Di ujung sana ada sebuah pohon sedang berbunga warna-warni yang tidak bisa aku sebut satu persatu.
Tentunya ada warna merah yang paling kentara di antara yang lain. Merah yang benar-benar berani menampakkan diri. Warnanya Membias memancarkan keangkuhan akan jati diri. Tidak diragukan lagi. Ia memang tercipta sebagai pengingat akan dirimu.
Betapa tidak?
Di bawah pohon itu. Ada Tempat duduk yang teduh dan terbuat dari batu. Menancap begitu saja di dalam tanah. Aku percaya, batu itu memang berada di bawah rindang pohon berbunga itu sejak sedia kala. Tanpa ikut campur tangan manusia sedikit pun.
Dengan hamparan sabana yang luas. Angin gunung berdesir menuruni tebing menciptakan gemerisik dedaunan pohon-pohon, ilalang, pun rumput-rumput bergoyang.
Bisa kamu bayangkan. Aku berada di tempat itu tepat persis saat mentari pagi menampakkan diri. Arunika membias menembus cakrawala, segaris dengan ingatan akan dirimu. Cahaya indahnya membangkitkan aroma tanah yang lembab dan meneteskan sisa-sisa embun.
Kekasih.
Tempat itu aku tidak tahu namanya. Karena ketidaktahuanku, aku pun menyebutnya sebagai tempat kenangan.

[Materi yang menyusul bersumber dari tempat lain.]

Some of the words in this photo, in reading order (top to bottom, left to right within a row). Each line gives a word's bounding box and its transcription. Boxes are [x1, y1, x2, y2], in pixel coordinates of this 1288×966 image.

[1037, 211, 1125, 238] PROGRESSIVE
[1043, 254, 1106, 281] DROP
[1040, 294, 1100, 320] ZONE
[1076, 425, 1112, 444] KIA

Dari tempat yang jauh itulah aku merenungi perihal berita yang aku terima dari sebuah surat kabar. Duka dari tanah kelahiranmu. Kampung yang selalu kau sebut-sebut. Bahkan kau agung-agungkan sebagai muara segala kata-katamu.

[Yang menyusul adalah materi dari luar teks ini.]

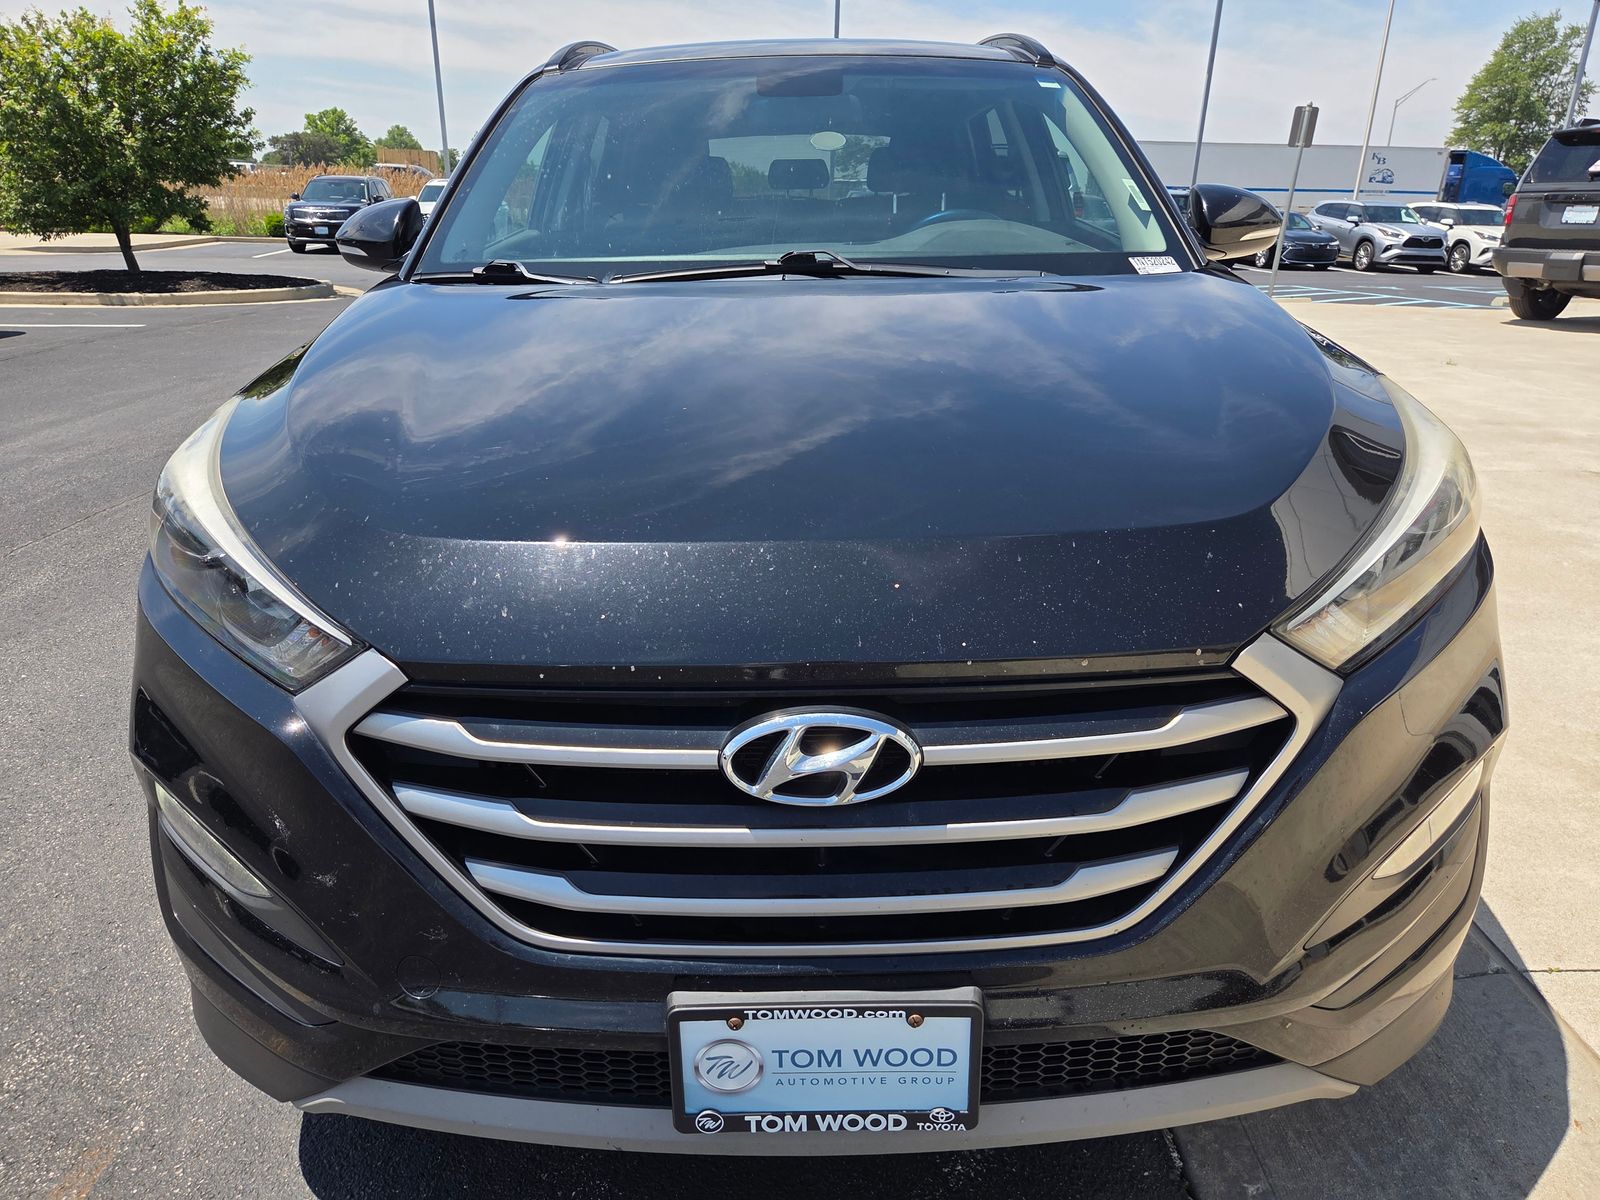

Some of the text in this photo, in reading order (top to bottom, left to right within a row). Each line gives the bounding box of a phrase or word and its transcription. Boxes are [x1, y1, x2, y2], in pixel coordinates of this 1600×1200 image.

[744, 1009, 906, 1020] TOMWOOD.com
[772, 1047, 958, 1069] TOM WOOD
[705, 1054, 753, 1080] TW
[775, 1075, 955, 1087] AUTOMOTIVE GROUP
[744, 1114, 908, 1133] TOM WOOD
[917, 1123, 967, 1132] TOYOTA

Sesaat daun berjatuhan, pun bunga berguguran tepat persis di depanku. Di bawah pohon yang teduh. Aku memandang hamparan hijau bak permadani yang penuh impian. Tidak ada suara berisik orang-orang berbicara politik. Tidak ada riak-riak kampanye, pun obral janji-janji. Hanya ada suara angin dan kicau burung-burung.
Apa begitu juga dengan dirimu? Mungkin saat kau membaca surat ini, dirimu sedang berada di pesisir pantai sembari menikmati debur ombak, dan memandang perahu para nelayan dari kejauhan.

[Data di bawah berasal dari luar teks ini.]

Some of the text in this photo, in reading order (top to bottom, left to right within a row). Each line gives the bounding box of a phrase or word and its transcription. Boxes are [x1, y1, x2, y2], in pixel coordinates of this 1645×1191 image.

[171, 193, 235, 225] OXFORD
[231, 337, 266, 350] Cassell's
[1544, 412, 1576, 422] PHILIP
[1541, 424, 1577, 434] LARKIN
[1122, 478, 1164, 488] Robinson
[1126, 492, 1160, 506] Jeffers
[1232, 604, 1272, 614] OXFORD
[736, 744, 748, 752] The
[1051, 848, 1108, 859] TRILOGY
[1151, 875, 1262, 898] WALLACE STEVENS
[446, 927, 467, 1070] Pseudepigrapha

Jujur. Aku berpikir jika mengunjungi tempat ini, maka aku tidak akan terusik oleh apapun di luar sana. Gumamku ketika beranjak kemari dengan kereta express yang berwarna kelabu.
Gadis Utara, penyuka pantai
dan perayu yang ulung
Dalam sejarah peradaban manusia yang panjang. Membentang dari waktu ke waktu. Abad ke abad. Yang di bawahnya mengalir sungai-sungai air mata duka. Dan di muaranya memendung penderitaan dan keserakahan.
Adakah yang merampas merdekamu, kekasih?
Aku menangis tersedu-sedu ketika membaca surat kabar yang aku ceritakan ini. Betapa sekelompok orang membela ke-akuannya yang angkuh tanpa peduli nasibmu.
Apa kamu tidak tahu pesisir pantai tempat kita bermain dulu? Yang ada simpang jalan di dekat pohon Ketapang, ada Berugaq di bawahnya itu.
Ah. Mungkin kau lupa. Masih ingat tidak! Ketika sore hari. Saat pantulan matahari yang hendak tenggelam di balik gunung Agung yang cahayanya membias membentang menuju kedua bola matamu.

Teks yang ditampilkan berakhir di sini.